Barnes' Notes on the Bible
They were children of fools - The word rendered “fools” נבל nâbâl, means,
(1) stupid, foolish; and
(2) abandoned, impious; compare 1 Samuel 25:3, 1 Samuel 25:25.
Here it means the worthless, the refuse of society, the abandoned. They had no respectable parentage. Umbreit, “A brood of infamy.” Coverdale, “Children of fools and villains.”
Children of base men - Margin, as in Hebrew, “men of no name.” They were men of no reputation; whose ancestors had in no way been distinguished; possibly meaning, also, that they herded together as beasts without even a name.

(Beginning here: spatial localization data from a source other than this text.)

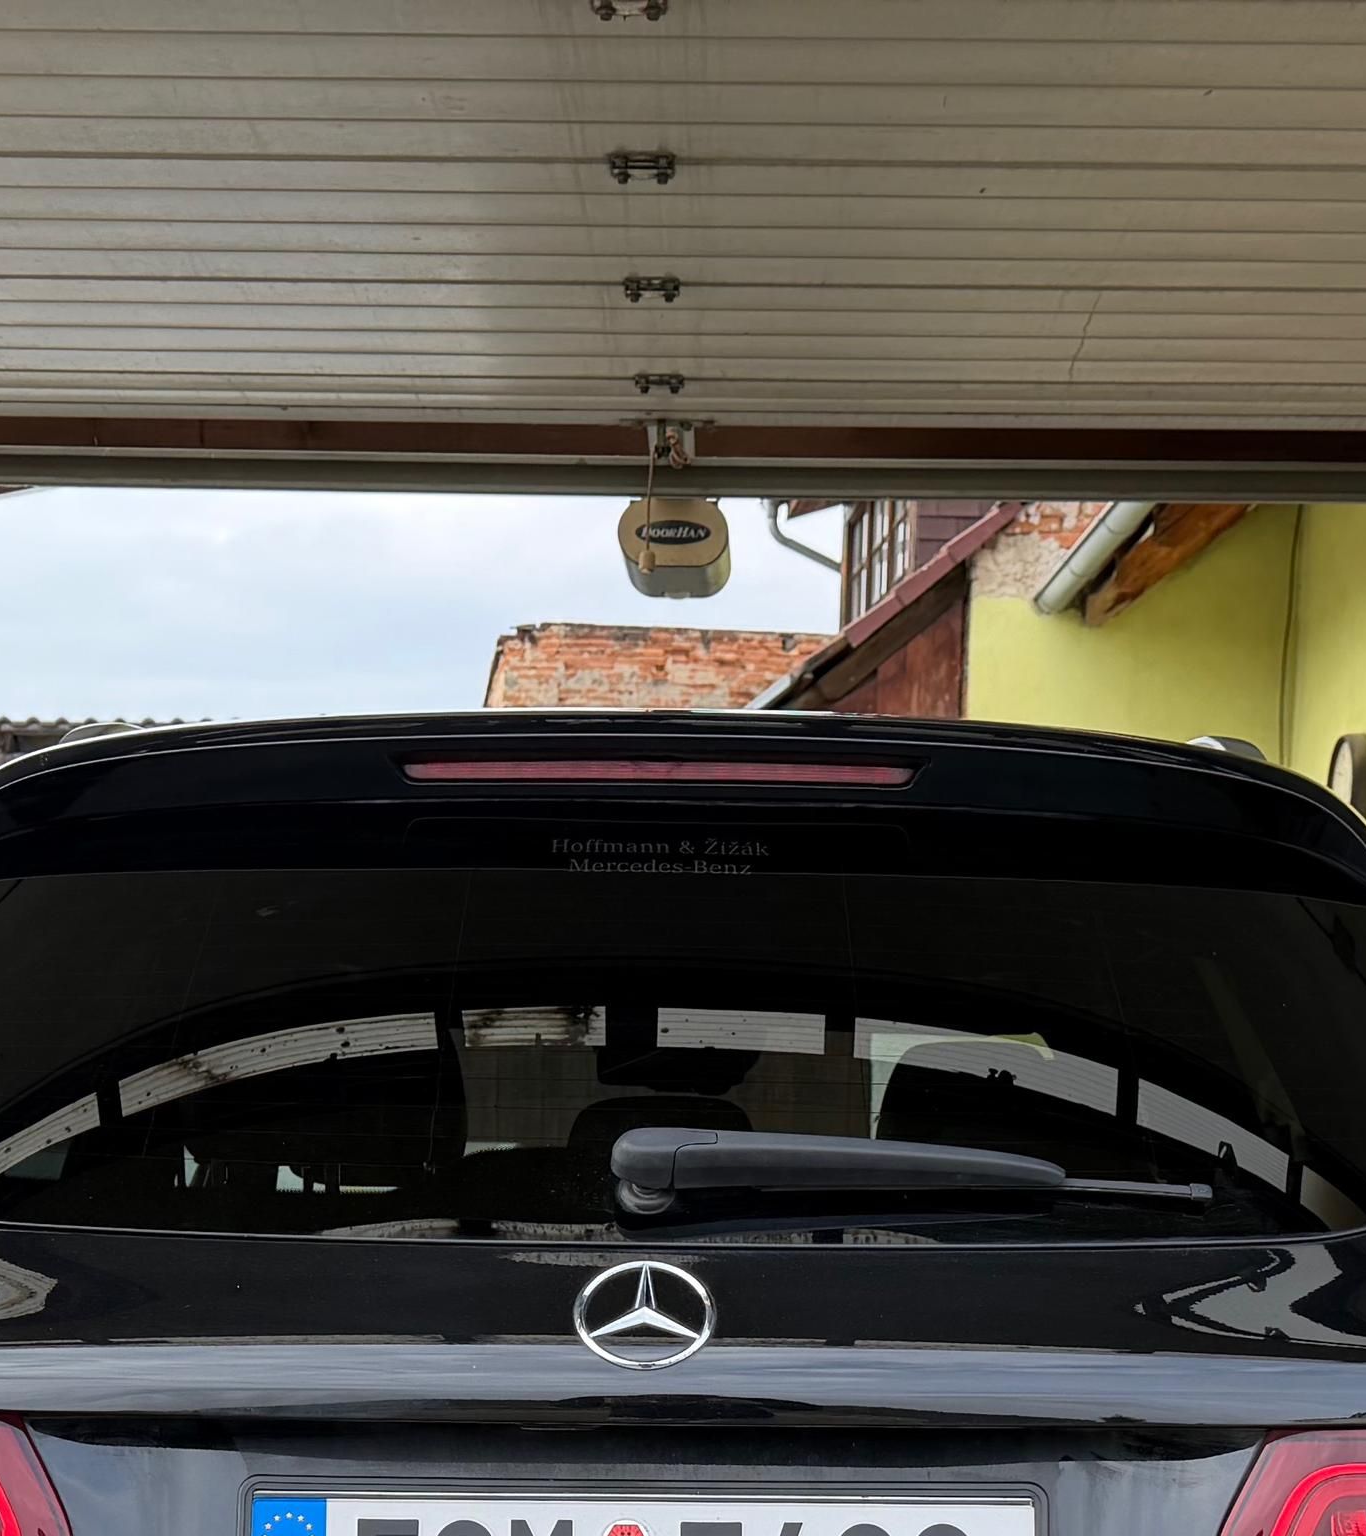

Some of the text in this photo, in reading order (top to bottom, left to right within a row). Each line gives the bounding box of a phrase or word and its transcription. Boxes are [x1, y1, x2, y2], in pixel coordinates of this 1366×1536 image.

[552, 838, 669, 854] Hoffmann
[679, 839, 695, 855] &
[569, 857, 753, 875] Mercedes-Benz
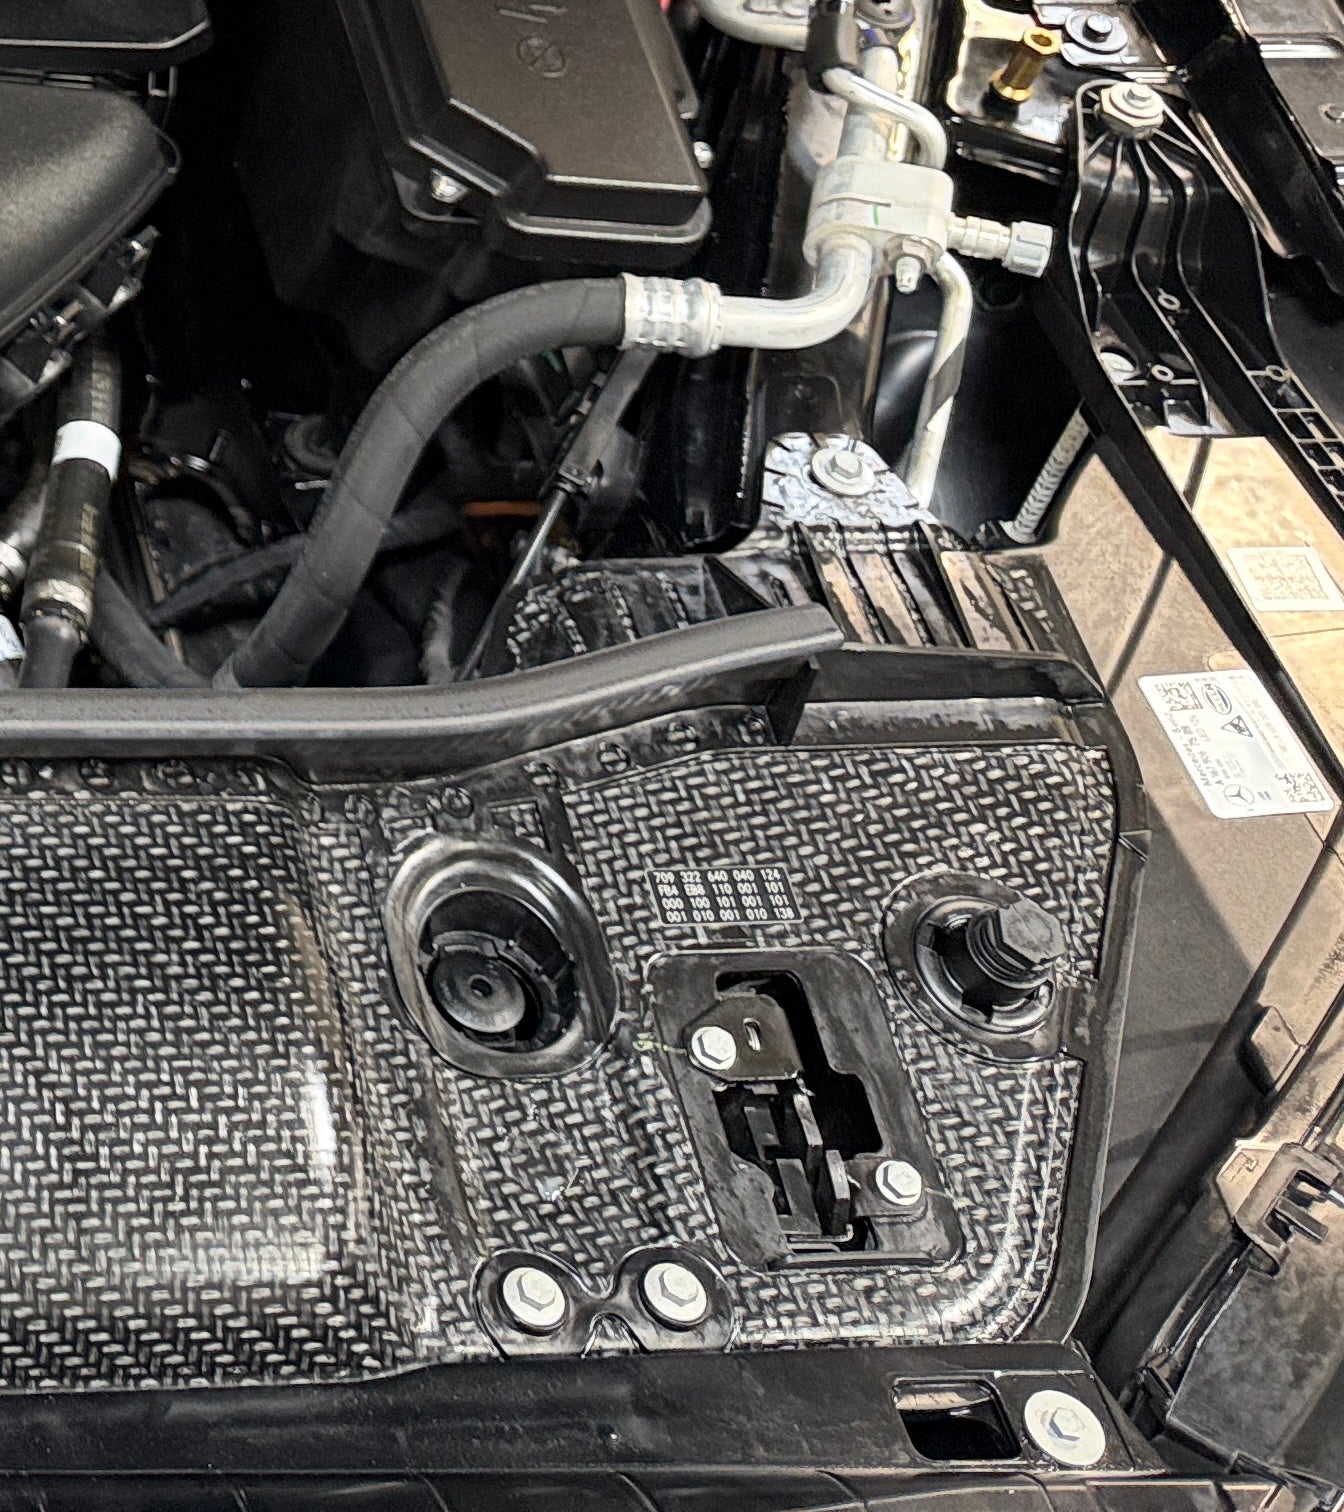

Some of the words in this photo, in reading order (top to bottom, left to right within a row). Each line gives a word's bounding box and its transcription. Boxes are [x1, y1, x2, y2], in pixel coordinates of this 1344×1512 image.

[654, 871, 674, 883] 709
[680, 871, 702, 883] 322
[707, 870, 728, 882] 640
[733, 870, 754, 882] 040
[761, 869, 781, 881] 124
[712, 883, 733, 895] 110
[737, 883, 758, 894] 001
[765, 882, 785, 893] 101
[662, 898, 684, 910] 000
[690, 897, 710, 908] 100
[716, 896, 736, 908] 101
[742, 896, 762, 907] 001
[769, 895, 789, 906] 101
[666, 911, 687, 923] 001
[693, 910, 715, 922] 010
[719, 910, 740, 921] 001
[746, 908, 767, 920] 010
[774, 908, 794, 919] 138
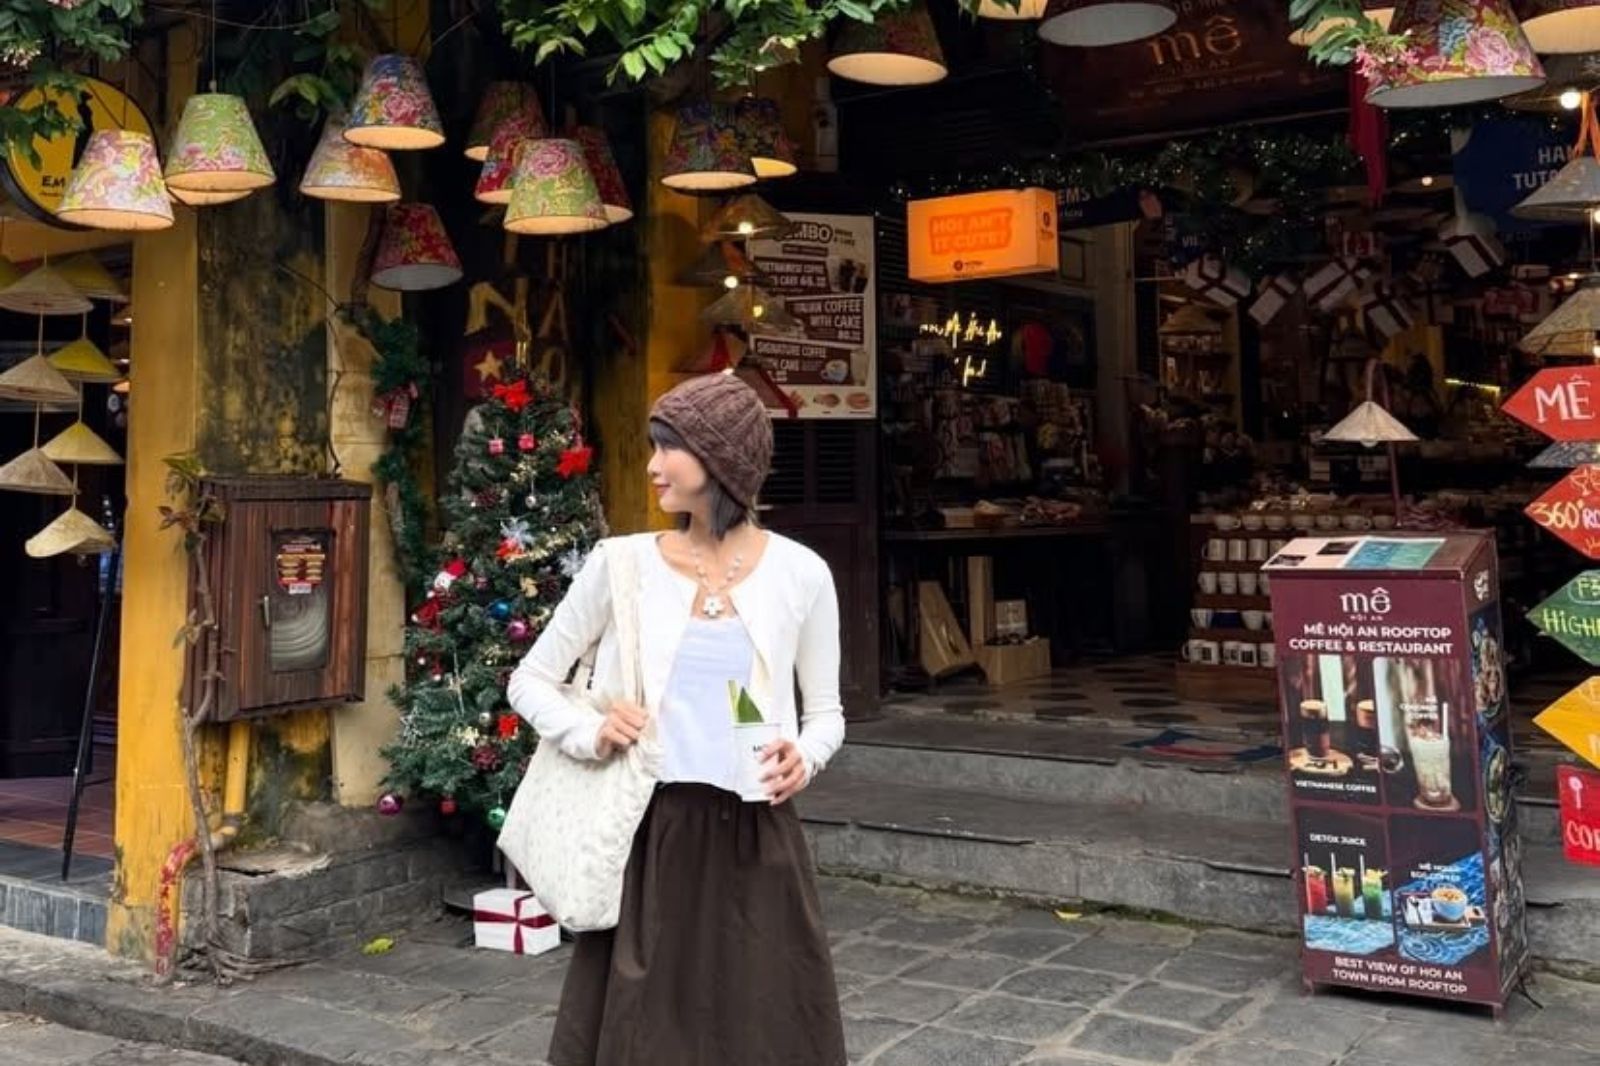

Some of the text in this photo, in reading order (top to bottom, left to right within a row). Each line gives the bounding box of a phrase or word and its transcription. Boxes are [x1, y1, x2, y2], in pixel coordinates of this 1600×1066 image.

[823, 299, 862, 314] COFFEE
[834, 315, 861, 329] CAKE
[1534, 373, 1595, 424] MÊ
[1339, 586, 1392, 614] mê
[1303, 621, 1452, 639] MÊ HỘI AN ROOFTOP
[1288, 638, 1454, 654] COFFEE & RESTAURANT
[1295, 780, 1377, 793] VIETNAMESE COFFEE
[1310, 833, 1366, 846] DETOX JUICE
[1335, 956, 1364, 969] BEST
[1366, 960, 1398, 973] VIEW
[1400, 964, 1417, 975] OF
[1445, 971, 1463, 980] AN
[1332, 968, 1468, 994] TOWN FROM ROOFTOP
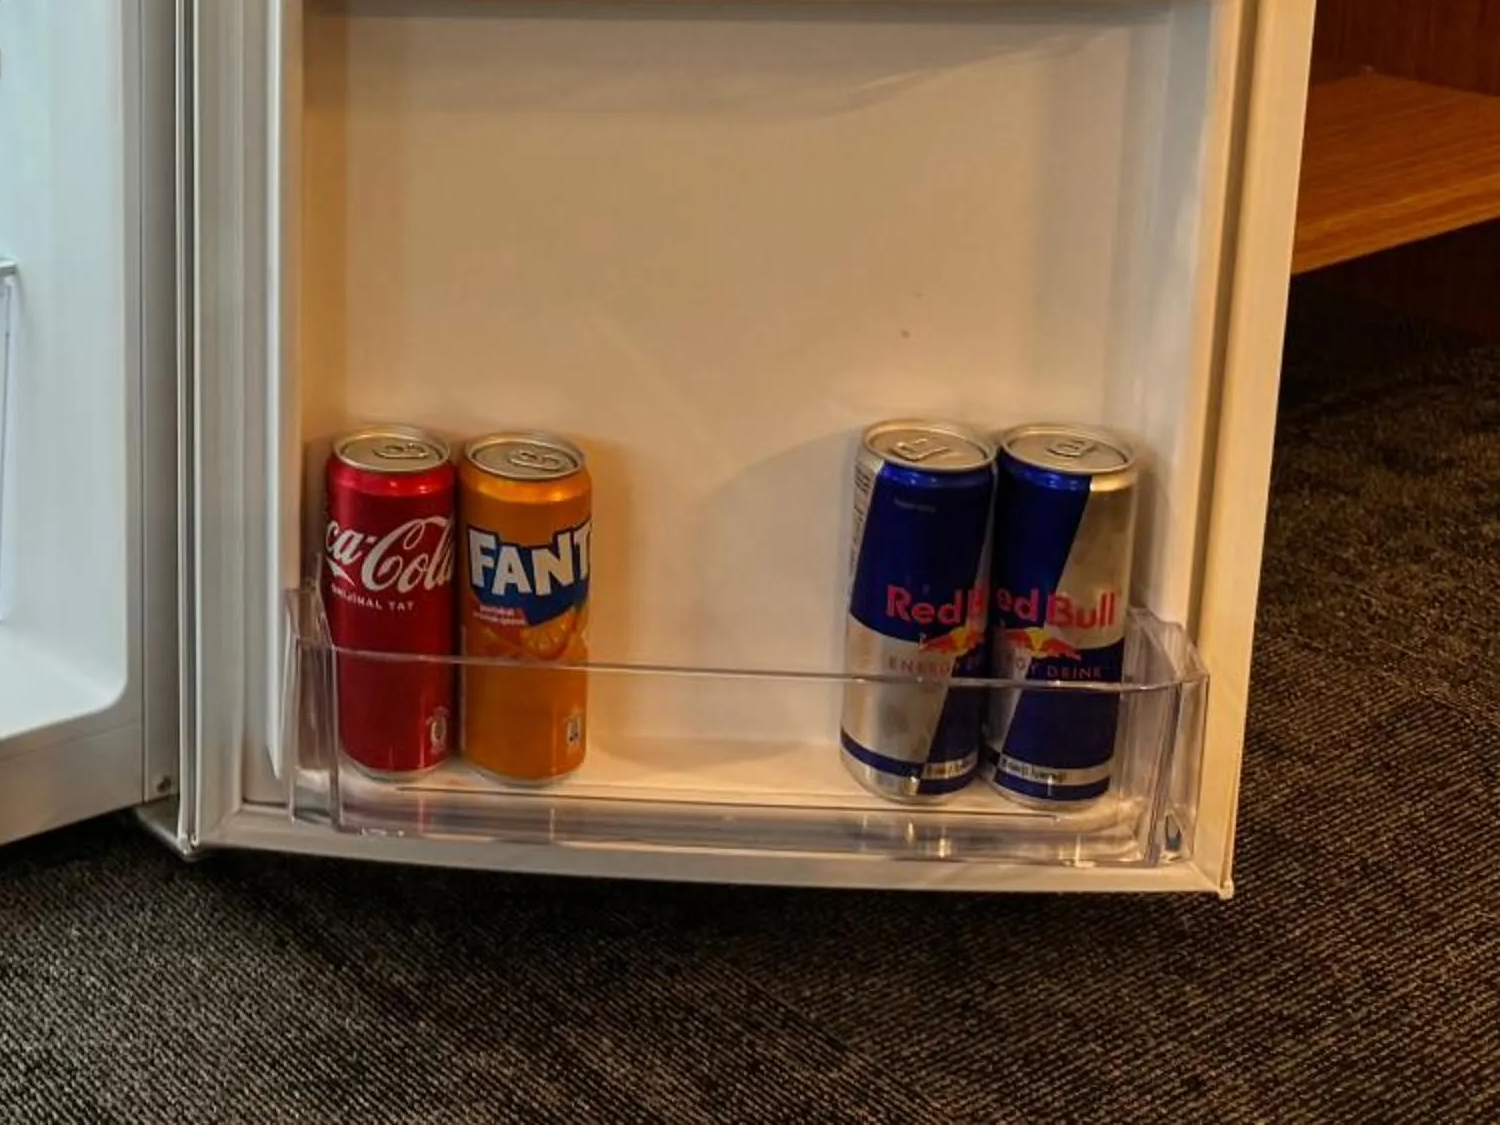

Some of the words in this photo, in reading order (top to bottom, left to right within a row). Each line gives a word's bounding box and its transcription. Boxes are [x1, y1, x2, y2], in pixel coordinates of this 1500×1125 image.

They were viler than the earth - Gesenius renders this, “They are frightened out of the land.” The Hebrew word (כאה) means “to chide, to upbraid,” and then in the niphal “to be chidden away,” or “to be driven off.” The sense is, as an impious and low-born race they were driven out of the land.
Clarke's Notes on the Bible
Verse Job 30:8. Children of fools — Children of nabal; children without a name; persons of no consideration, and descendants of such.
Viler than the earth. — Rather, driven out of the land; persons not fit for civil society.